» **Assigned task**
Would you write out every record that follows exactly, with the pictures left out?

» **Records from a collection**
'''
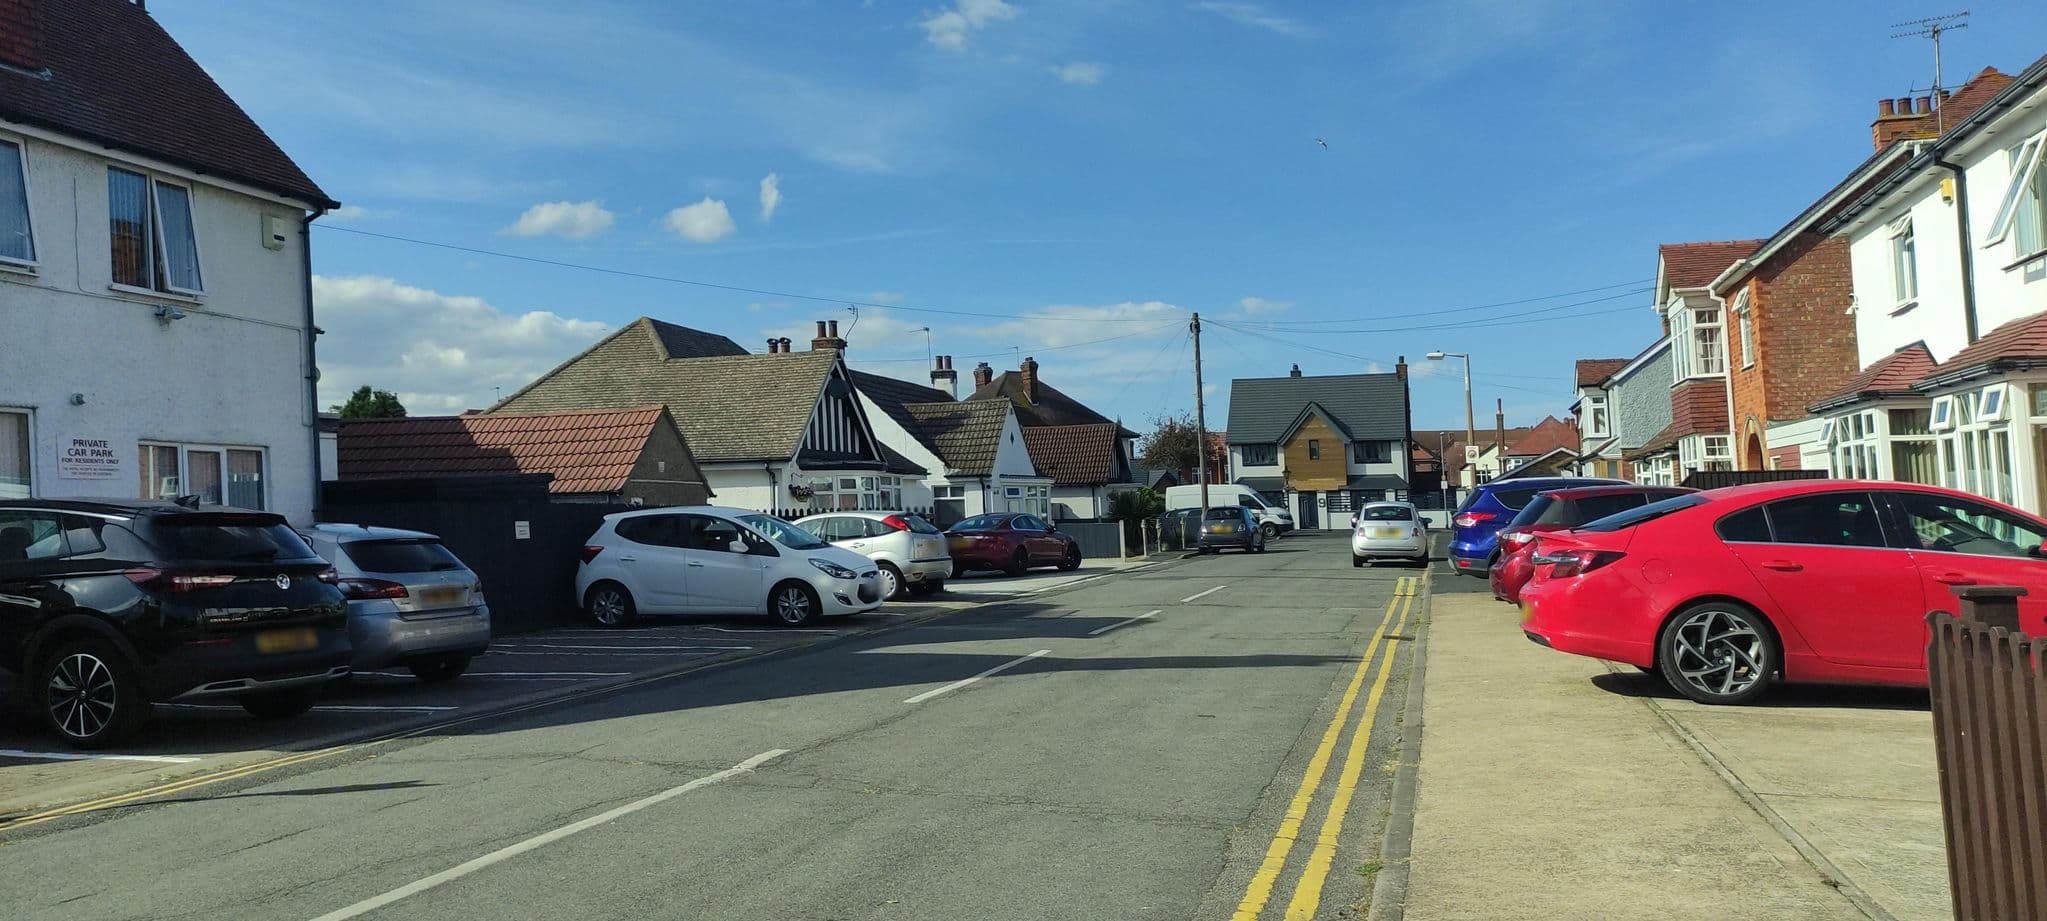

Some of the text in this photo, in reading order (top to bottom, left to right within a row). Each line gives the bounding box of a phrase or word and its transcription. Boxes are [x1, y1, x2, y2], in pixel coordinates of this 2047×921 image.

[73, 439, 109, 448] PRIVATE
[67, 448, 113, 457] CAR PARK
[1318, 498, 1326, 508] 9
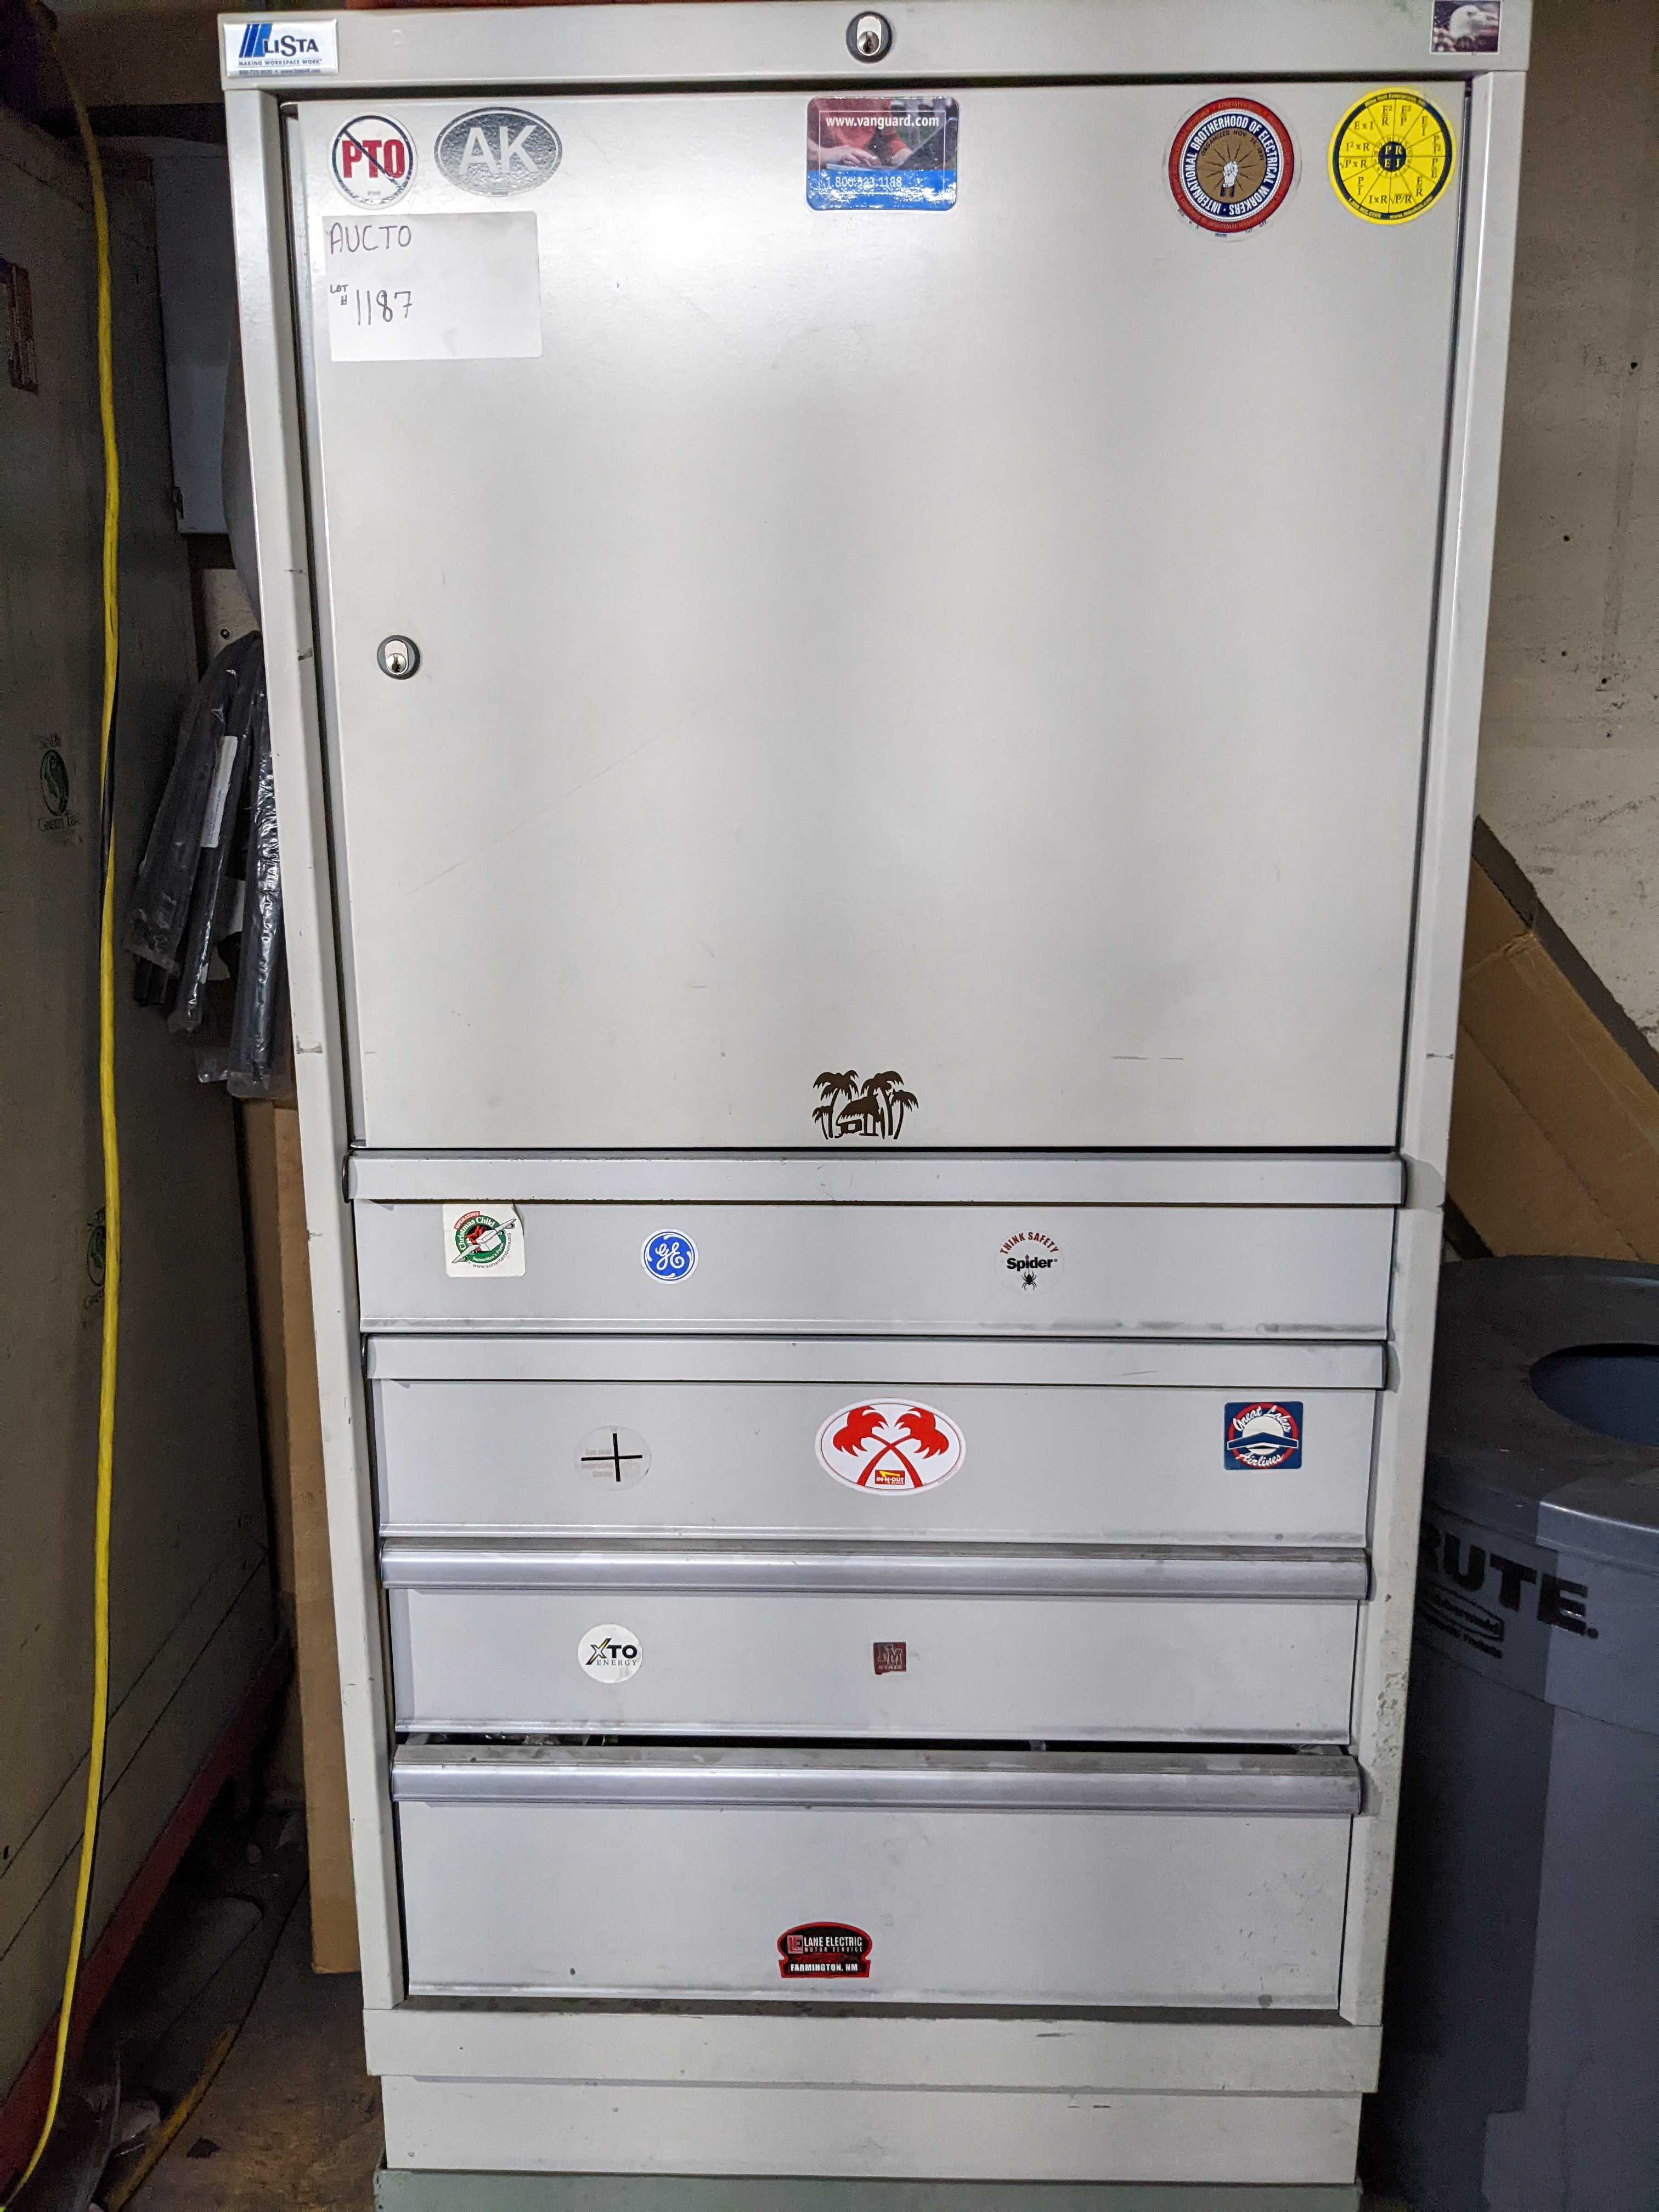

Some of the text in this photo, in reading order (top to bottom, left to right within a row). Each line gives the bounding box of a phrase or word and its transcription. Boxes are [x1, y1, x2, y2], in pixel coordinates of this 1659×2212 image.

[826, 114, 939, 129] www.vanguard.com
[1190, 116, 1249, 150] BROTHERHOOD
[1249, 119, 1262, 134] OF
[342, 139, 405, 178] PTO
[459, 125, 542, 175] AK
[1258, 131, 1278, 185] ELECTRICAL
[1185, 153, 1221, 215] INTERNATIONAL
[1229, 185, 1272, 216] WORKERS
[330, 222, 411, 255] AUCTO
[330, 284, 349, 294] LOT
[356, 290, 413, 325] 1187
[456, 1212, 479, 1229] OPERATION
[459, 1217, 495, 1250] Christmas Child
[1000, 1232, 1059, 1254] THINK SAFETY
[1007, 1256, 1053, 1271] Spider
[1232, 1405, 1291, 1433] Great Lakes
[1235, 1452, 1284, 1466] Airlines
[585, 1638, 638, 1665] XTO
[804, 1936, 862, 1946] LANE ELECTRIC
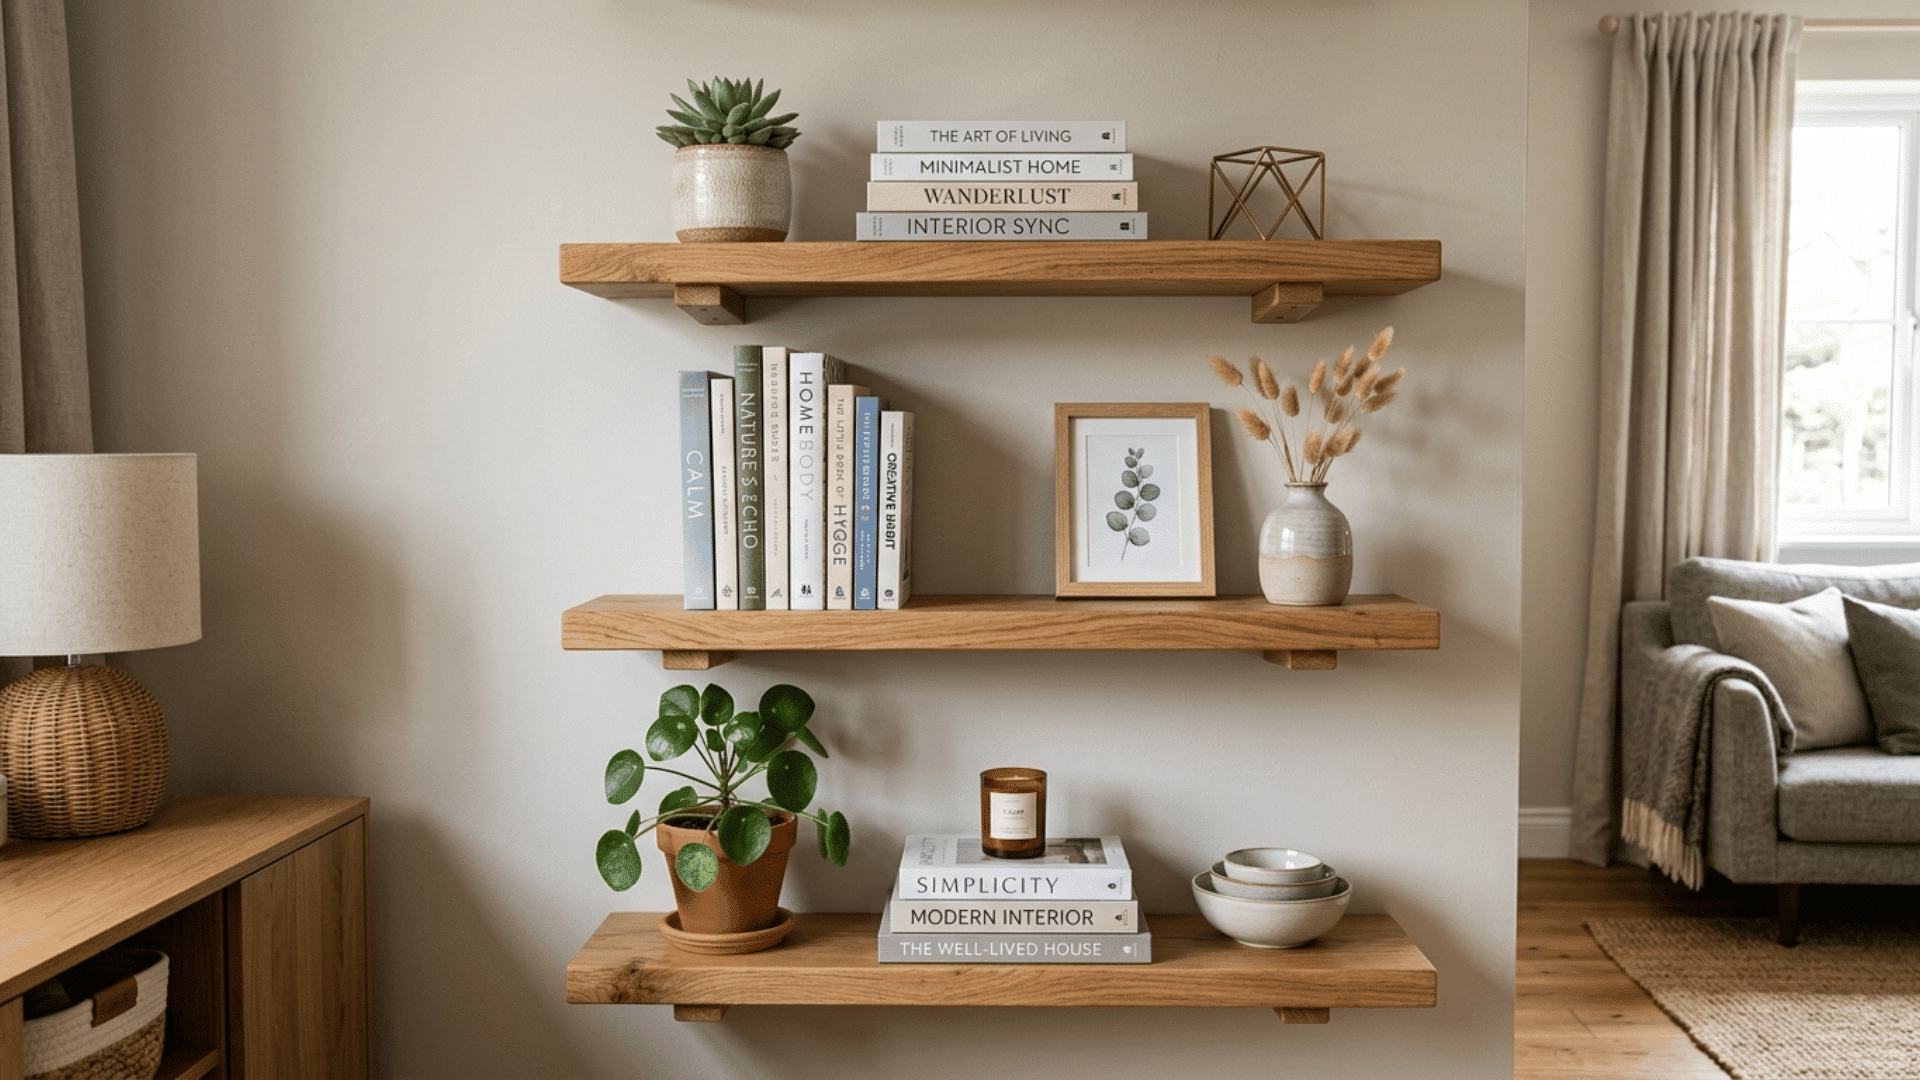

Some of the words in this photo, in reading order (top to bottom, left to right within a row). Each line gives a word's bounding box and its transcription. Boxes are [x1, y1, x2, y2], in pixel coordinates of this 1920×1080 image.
'''
» **Solution to the problem**
Some of the text in this photo, in reading order (top to bottom, left to right within a row). Each line gives the bounding box of a phrase or word and its transcription. Boxes are [x1, y1, x2, y2], in pixel coordinates of this 2047×921 image.

[73, 439, 109, 448] PRIVATE
[67, 448, 113, 457] CAR PARK
[1318, 498, 1326, 508] 9

Some of the text in this photo, in reading order (top to bottom, left to right within a row). Each line gives the bounding box of a phrase or word and its transcription. Boxes are [x1, y1, x2, y2], in pixel coordinates of this 1659×2212 image.

[826, 114, 939, 129] www.vanguard.com
[1190, 116, 1249, 150] BROTHERHOOD
[1249, 119, 1262, 134] OF
[342, 139, 405, 178] PTO
[459, 125, 542, 175] AK
[1258, 131, 1278, 185] ELECTRICAL
[1185, 153, 1221, 215] INTERNATIONAL
[1229, 185, 1272, 216] WORKERS
[330, 222, 411, 255] AUCTO
[330, 284, 349, 294] LOT
[356, 290, 413, 325] 1187
[456, 1212, 479, 1229] OPERATION
[459, 1217, 495, 1250] Christmas Child
[1000, 1232, 1059, 1254] THINK SAFETY
[1007, 1256, 1053, 1271] Spider
[1232, 1405, 1291, 1433] Great Lakes
[1235, 1452, 1284, 1466] Airlines
[585, 1638, 638, 1665] XTO
[804, 1936, 862, 1946] LANE ELECTRIC

Some of the words in this photo, in reading order (top to bottom, left to right within a row). Each line gives a word's bounding box and its transcription. Boxes are [x1, y1, x2, y2], in pixel coordinates of this 1920×1080 image.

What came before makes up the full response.